START Data supplied
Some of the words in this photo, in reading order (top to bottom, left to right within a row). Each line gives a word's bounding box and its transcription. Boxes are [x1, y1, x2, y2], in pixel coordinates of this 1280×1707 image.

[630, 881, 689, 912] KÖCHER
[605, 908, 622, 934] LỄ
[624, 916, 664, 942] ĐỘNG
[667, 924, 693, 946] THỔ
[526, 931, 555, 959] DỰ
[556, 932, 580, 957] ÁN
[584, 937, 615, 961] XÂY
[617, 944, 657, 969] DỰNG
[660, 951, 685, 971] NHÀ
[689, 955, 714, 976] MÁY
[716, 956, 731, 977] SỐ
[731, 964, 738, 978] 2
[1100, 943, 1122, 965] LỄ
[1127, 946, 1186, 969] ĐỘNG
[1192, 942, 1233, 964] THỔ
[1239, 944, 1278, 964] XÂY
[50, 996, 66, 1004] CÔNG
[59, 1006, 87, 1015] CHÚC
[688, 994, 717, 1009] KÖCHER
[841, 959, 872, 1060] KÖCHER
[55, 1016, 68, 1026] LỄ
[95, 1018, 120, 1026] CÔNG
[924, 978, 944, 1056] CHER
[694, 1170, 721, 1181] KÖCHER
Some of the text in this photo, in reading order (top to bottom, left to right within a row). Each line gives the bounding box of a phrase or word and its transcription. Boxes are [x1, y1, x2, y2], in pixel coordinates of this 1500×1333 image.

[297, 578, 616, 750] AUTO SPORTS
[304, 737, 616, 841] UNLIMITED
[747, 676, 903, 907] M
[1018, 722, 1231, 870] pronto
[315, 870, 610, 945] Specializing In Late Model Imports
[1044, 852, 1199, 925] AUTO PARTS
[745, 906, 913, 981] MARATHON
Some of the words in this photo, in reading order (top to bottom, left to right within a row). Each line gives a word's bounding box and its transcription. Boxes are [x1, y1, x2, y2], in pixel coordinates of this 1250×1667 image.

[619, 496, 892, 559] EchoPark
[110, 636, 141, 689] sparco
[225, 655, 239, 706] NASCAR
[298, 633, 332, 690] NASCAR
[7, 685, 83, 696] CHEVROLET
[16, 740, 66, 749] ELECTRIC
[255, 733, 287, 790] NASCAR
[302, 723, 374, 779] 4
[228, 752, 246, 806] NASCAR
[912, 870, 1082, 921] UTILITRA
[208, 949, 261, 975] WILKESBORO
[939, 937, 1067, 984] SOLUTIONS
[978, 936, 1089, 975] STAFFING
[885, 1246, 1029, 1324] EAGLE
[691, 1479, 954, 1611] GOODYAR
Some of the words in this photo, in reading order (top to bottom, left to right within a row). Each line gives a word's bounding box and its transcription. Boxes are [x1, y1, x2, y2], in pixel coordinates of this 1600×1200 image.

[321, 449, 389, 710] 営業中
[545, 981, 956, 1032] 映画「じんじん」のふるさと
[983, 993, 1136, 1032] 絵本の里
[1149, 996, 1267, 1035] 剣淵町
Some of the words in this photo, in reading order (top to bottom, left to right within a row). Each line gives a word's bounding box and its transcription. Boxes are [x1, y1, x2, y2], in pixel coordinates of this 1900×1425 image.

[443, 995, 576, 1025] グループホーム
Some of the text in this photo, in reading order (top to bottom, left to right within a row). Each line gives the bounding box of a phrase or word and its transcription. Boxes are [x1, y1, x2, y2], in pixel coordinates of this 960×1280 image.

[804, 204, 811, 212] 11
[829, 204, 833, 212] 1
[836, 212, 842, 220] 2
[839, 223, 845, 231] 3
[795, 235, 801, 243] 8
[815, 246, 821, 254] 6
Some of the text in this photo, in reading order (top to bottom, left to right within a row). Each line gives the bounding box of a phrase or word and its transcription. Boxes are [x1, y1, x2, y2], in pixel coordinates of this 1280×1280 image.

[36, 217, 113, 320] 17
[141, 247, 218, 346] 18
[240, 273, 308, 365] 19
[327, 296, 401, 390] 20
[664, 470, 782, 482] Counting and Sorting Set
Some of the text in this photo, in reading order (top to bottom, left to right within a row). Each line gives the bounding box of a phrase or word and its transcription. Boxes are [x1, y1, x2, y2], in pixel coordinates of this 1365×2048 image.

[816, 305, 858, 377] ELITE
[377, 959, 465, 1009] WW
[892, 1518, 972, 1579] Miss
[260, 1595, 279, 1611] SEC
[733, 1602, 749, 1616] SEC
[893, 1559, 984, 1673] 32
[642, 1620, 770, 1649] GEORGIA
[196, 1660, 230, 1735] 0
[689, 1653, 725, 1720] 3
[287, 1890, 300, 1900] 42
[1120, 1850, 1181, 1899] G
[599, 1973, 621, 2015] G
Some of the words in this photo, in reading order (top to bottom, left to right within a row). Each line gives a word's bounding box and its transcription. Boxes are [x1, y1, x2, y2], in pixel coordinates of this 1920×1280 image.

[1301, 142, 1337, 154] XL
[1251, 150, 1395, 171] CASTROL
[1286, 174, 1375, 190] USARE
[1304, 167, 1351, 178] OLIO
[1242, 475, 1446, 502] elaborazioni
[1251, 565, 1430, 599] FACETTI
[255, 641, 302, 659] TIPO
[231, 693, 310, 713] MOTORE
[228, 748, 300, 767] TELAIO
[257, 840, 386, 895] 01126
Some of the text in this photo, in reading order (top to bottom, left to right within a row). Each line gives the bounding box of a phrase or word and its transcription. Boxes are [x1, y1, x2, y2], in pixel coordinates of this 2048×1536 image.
END Data supplied
Would you transcribe exactly the lines from the one containing "this 1365×2048 image." to the end of the material, and leave out the rest?

Some of the text in this photo, in reading order (top to bottom, left to right within a row). Each line gives the bounding box of a phrase or word and its transcription. Boxes are [x1, y1, x2, y2], in pixel coordinates of this 1365×2048 image.

[816, 305, 858, 377] ELITE
[377, 959, 465, 1009] WW
[892, 1518, 972, 1579] Miss
[260, 1595, 279, 1611] SEC
[733, 1602, 749, 1616] SEC
[893, 1559, 984, 1673] 32
[642, 1620, 770, 1649] GEORGIA
[196, 1660, 230, 1735] 0
[689, 1653, 725, 1720] 3
[287, 1890, 300, 1900] 42
[1120, 1850, 1181, 1899] G
[599, 1973, 621, 2015] G
Some of the words in this photo, in reading order (top to bottom, left to right within a row). Each line gives a word's bounding box and its transcription. Boxes are [x1, y1, x2, y2], in pixel coordinates of this 1920×1280 image.

[1301, 142, 1337, 154] XL
[1251, 150, 1395, 171] CASTROL
[1286, 174, 1375, 190] USARE
[1304, 167, 1351, 178] OLIO
[1242, 475, 1446, 502] elaborazioni
[1251, 565, 1430, 599] FACETTI
[255, 641, 302, 659] TIPO
[231, 693, 310, 713] MOTORE
[228, 748, 300, 767] TELAIO
[257, 840, 386, 895] 01126
Some of the text in this photo, in reading order (top to bottom, left to right within a row). Each line gives the bounding box of a phrase or word and its transcription. Boxes are [x1, y1, x2, y2], in pixel coordinates of this 2048×1536 image.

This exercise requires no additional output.